Re: DECONSTRUCTIVISM anyone?

- - The original note follows - -

From: gsd94hp1@xxxxxxxxxxxxxxx (Howard Park)
Subject: Re: DECONSTRUCTIVISM anyone?
Date: 11 Feb 1994 19:57:23 GMT

Deconstructivist architecture is, as Mr. Molick indicates, "pro-expression,"
rather than "anti-human." For deconstructivist architects, this expression is
typically carried out through geometry and composition.

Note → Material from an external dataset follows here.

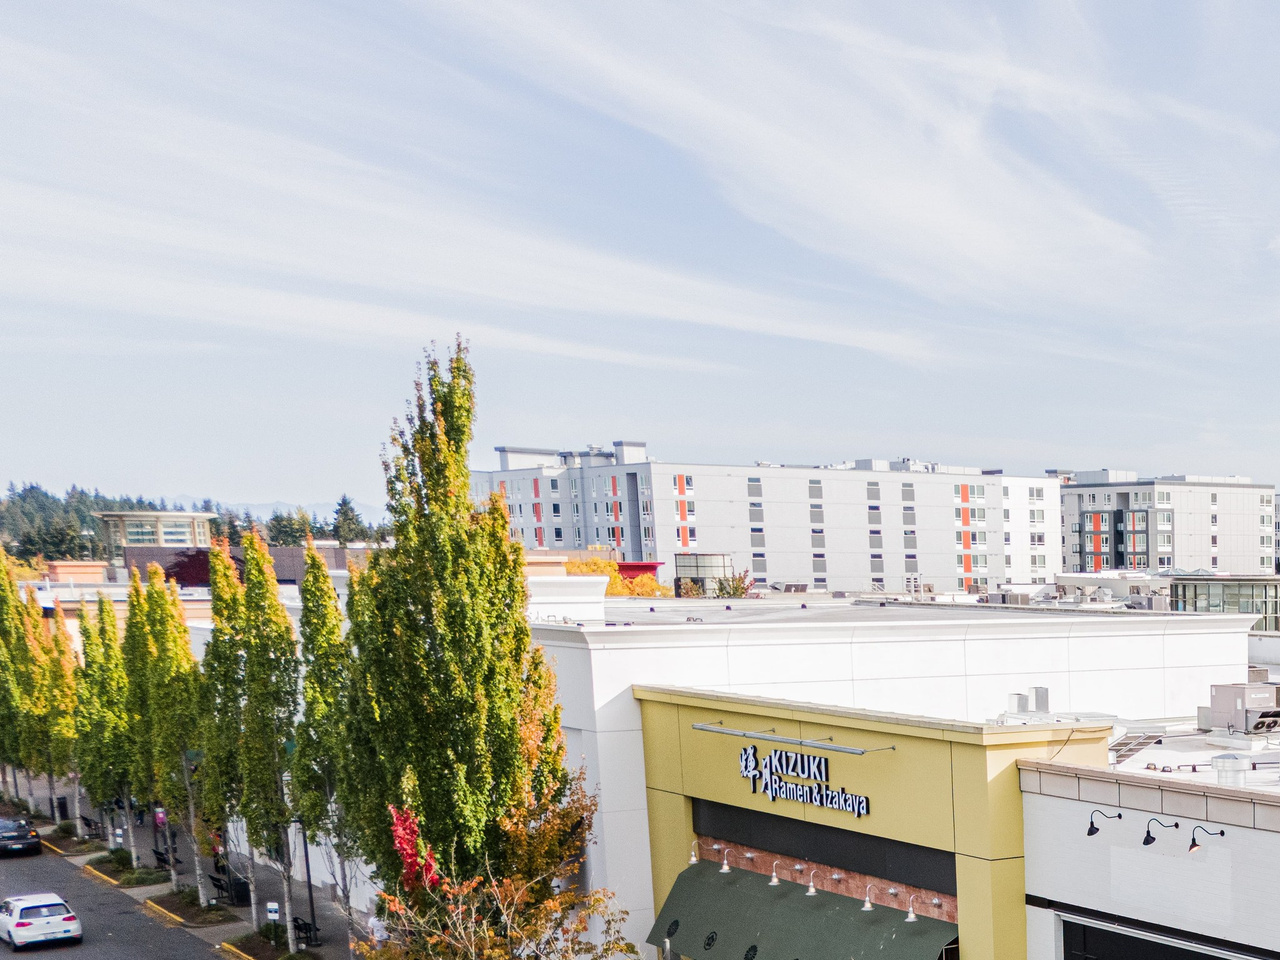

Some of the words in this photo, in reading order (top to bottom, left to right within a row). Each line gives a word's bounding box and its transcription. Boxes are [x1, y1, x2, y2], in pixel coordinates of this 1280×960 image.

[771, 750, 827, 781] KIZUKI
[772, 775, 811, 803] Ramen
[812, 782, 821, 806] &
[823, 785, 868, 817] Izakaya

I disagree with Mr. Molick, however, in his characterization of deconstructivist
architecture as "free flowing" and lacking a "well defined methodology." It is
difficult to conceive of an architecture that is more highly controlled than,
e.g., Peter Eisenman's or Bernard Tschumi's. Although the finished buildings
(or, in some cases, the finished drawings) may appear to "flow" spatially, they
are the results of extremely rigid formal manipulation.

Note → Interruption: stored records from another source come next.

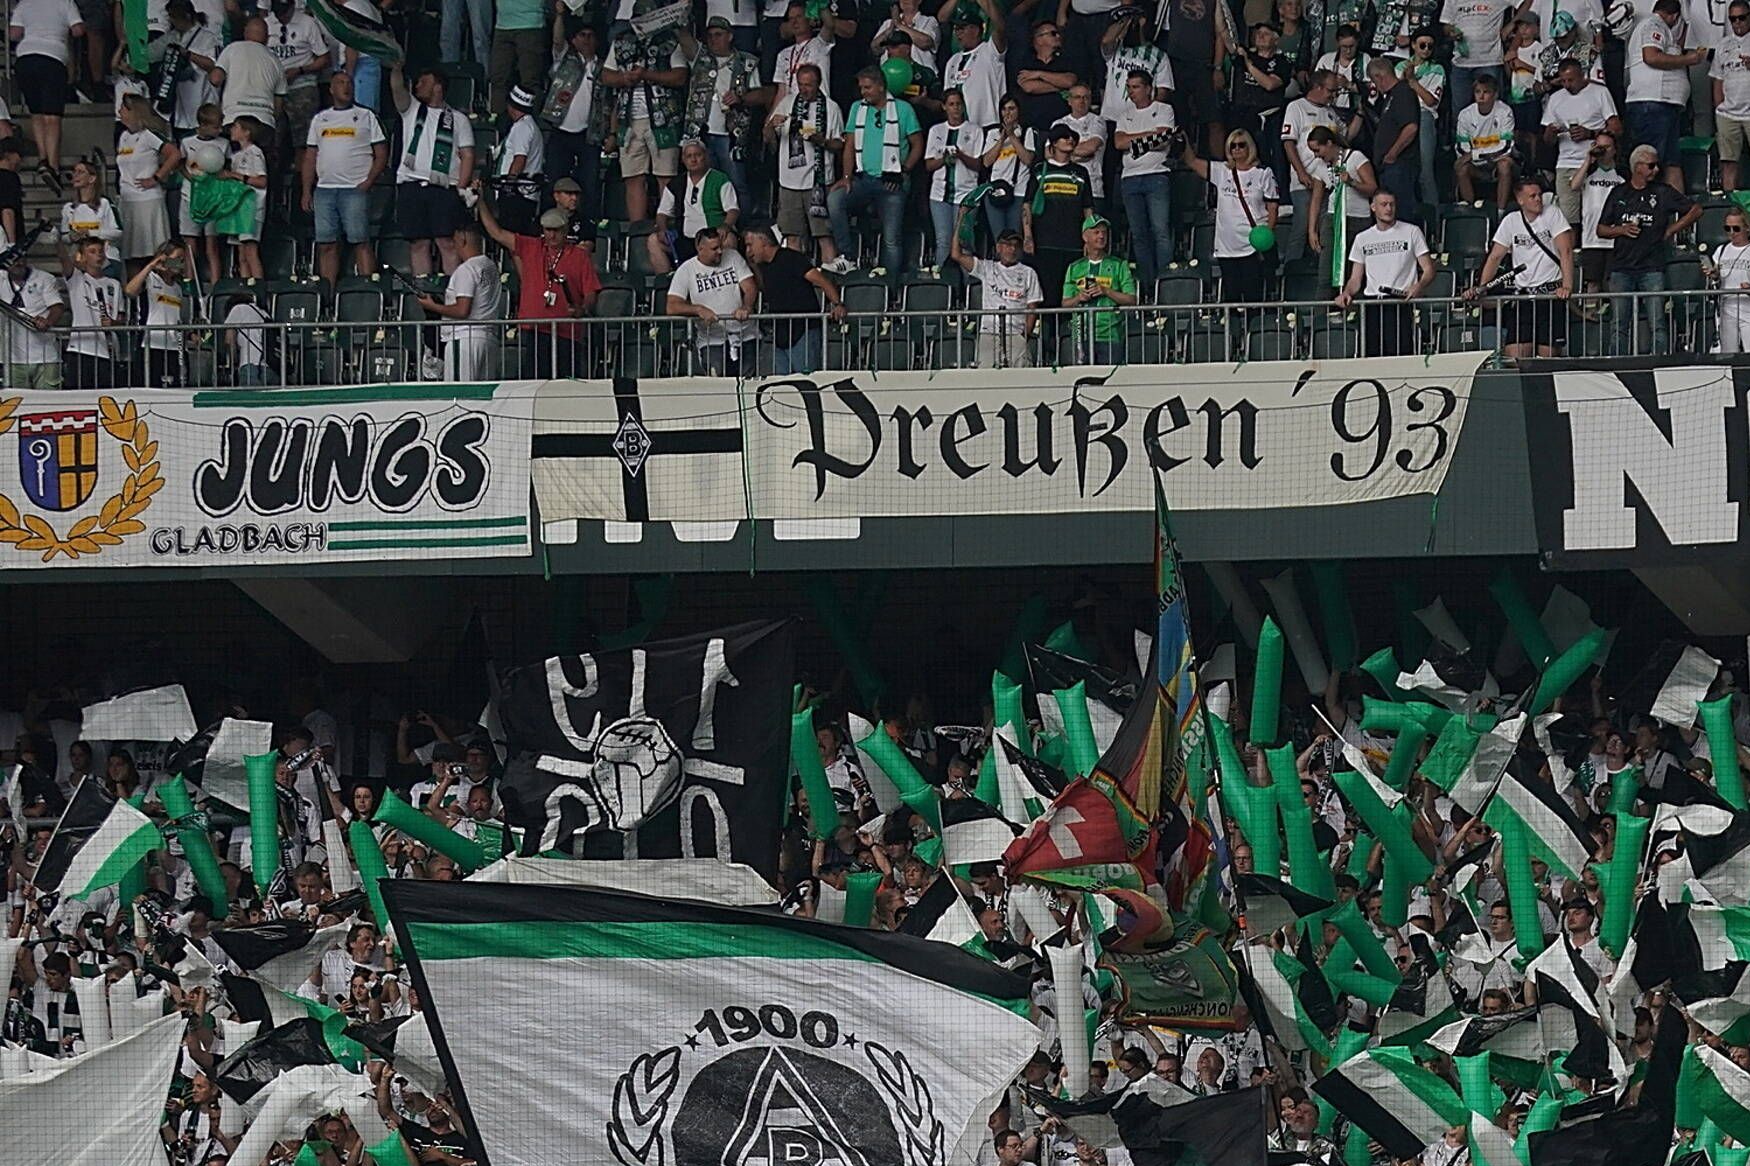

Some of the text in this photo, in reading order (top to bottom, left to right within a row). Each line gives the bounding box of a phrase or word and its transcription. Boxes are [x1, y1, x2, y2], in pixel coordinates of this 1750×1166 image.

[697, 270, 739, 294] BENLEE
[756, 374, 1263, 503] Preußen
[193, 410, 492, 518] JUNGS
[152, 523, 328, 556] GLADBACH
[694, 1004, 839, 1048] 1900
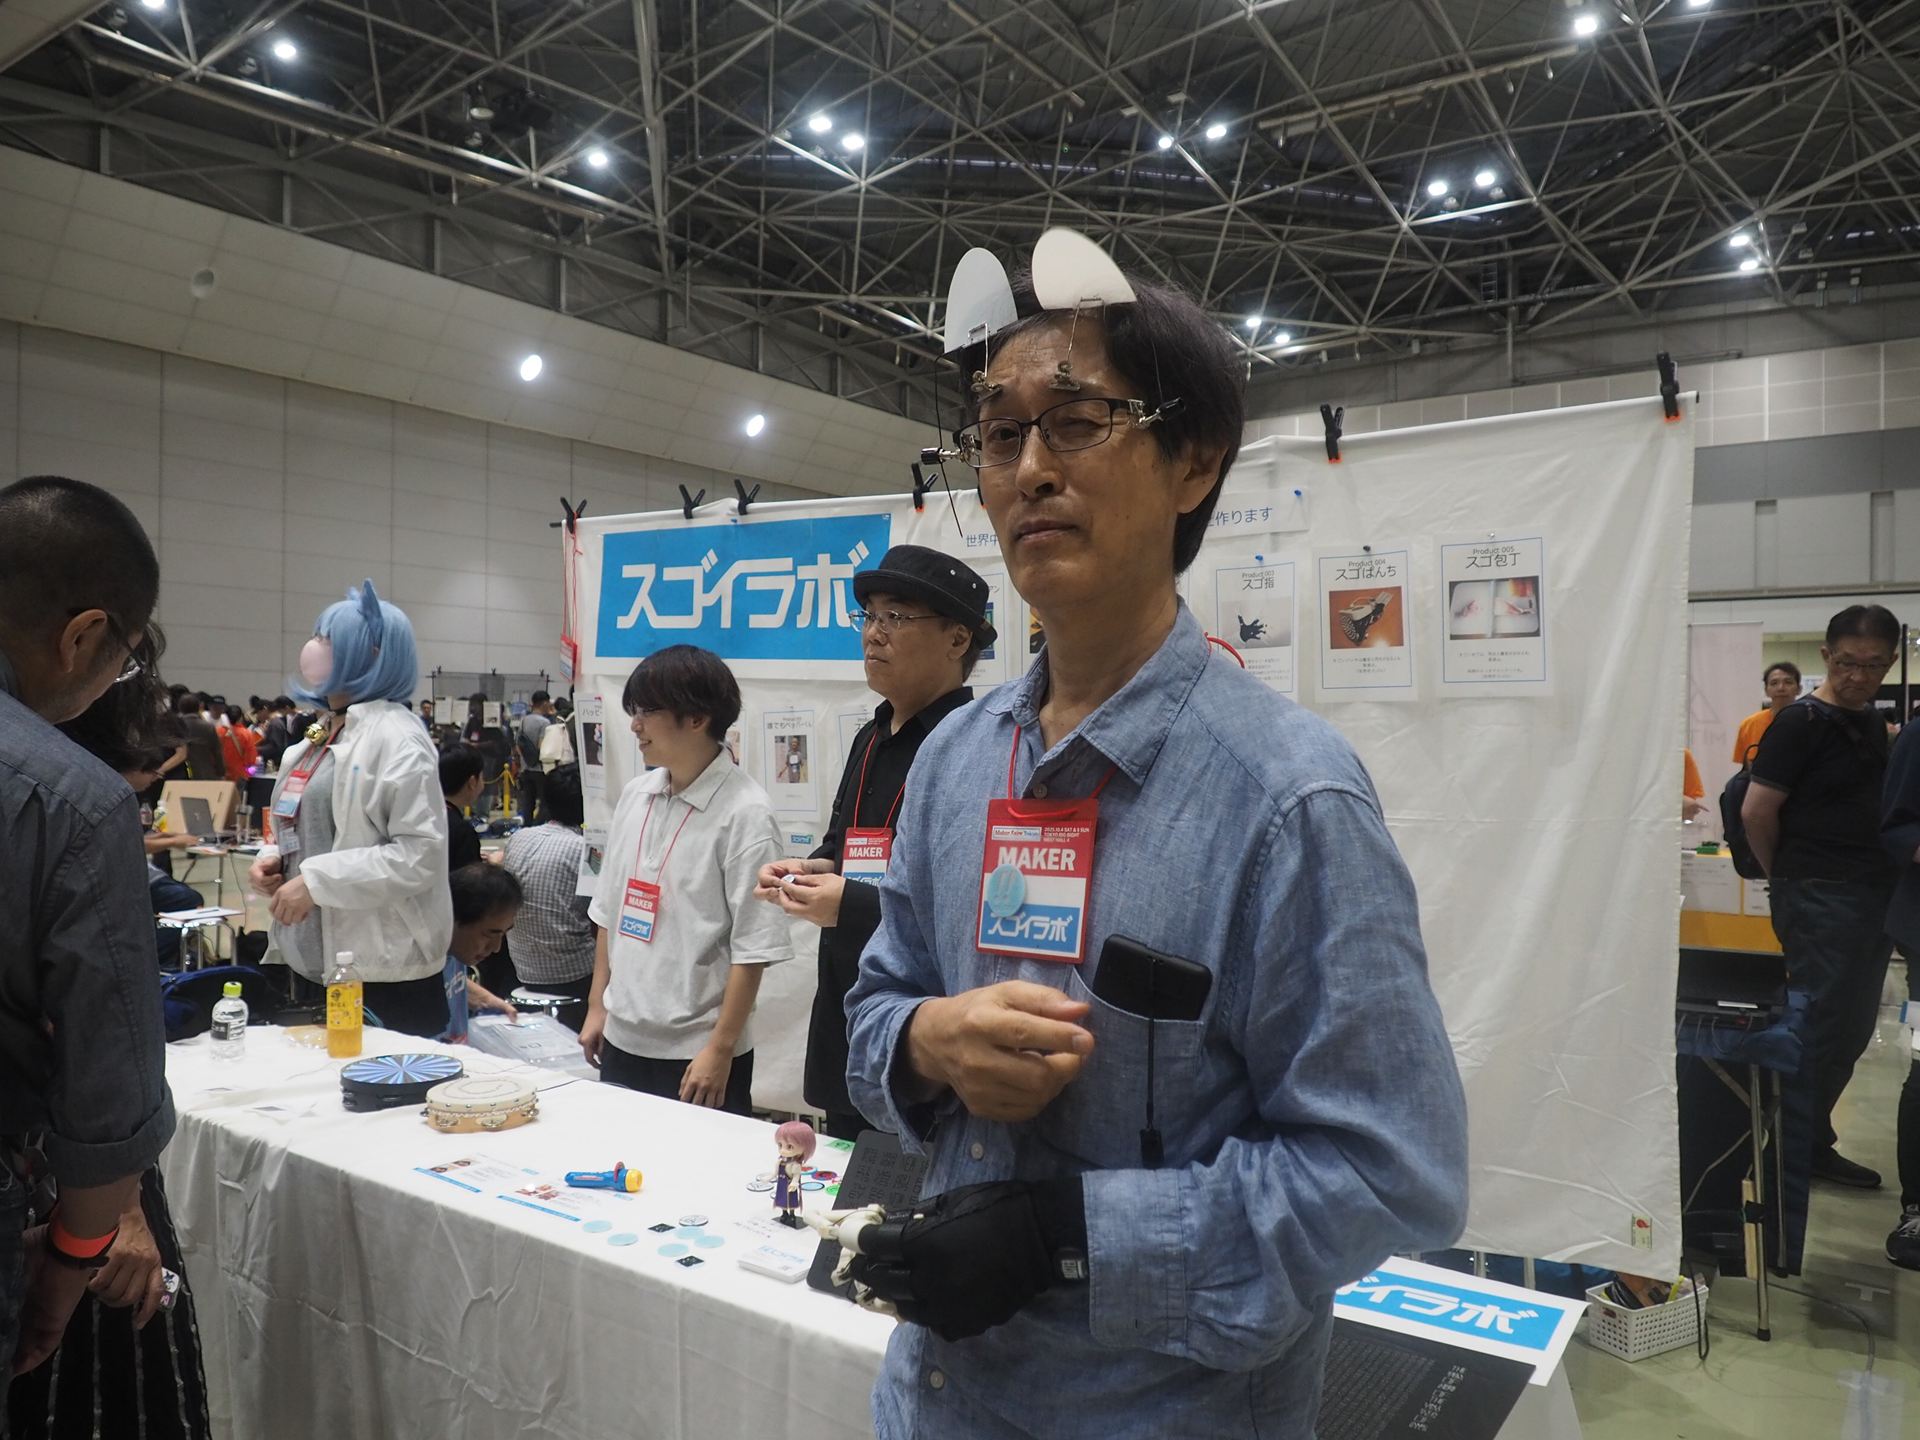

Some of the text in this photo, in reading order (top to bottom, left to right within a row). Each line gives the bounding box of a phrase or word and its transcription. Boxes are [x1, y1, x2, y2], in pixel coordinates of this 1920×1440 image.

In addition, the methodology of the deconstructivists is more clearly defined
and more uniform than any other group of architects working today. They
subscribe to a more or less canonical body of expressive ideas, resulting in an
articulable, and perhaps monolithic, ideology. I think all of the
deconstructivists would agree, for instance, that their architecture is grounded
in the semiology of de Saussure and Barthes and in the critical theory of
Benjamin and Adorno.

I do not mean really to defend deconstructivism; I mean only to point out the
mistake in comparing it to aesthetic ideologies like Expressionism.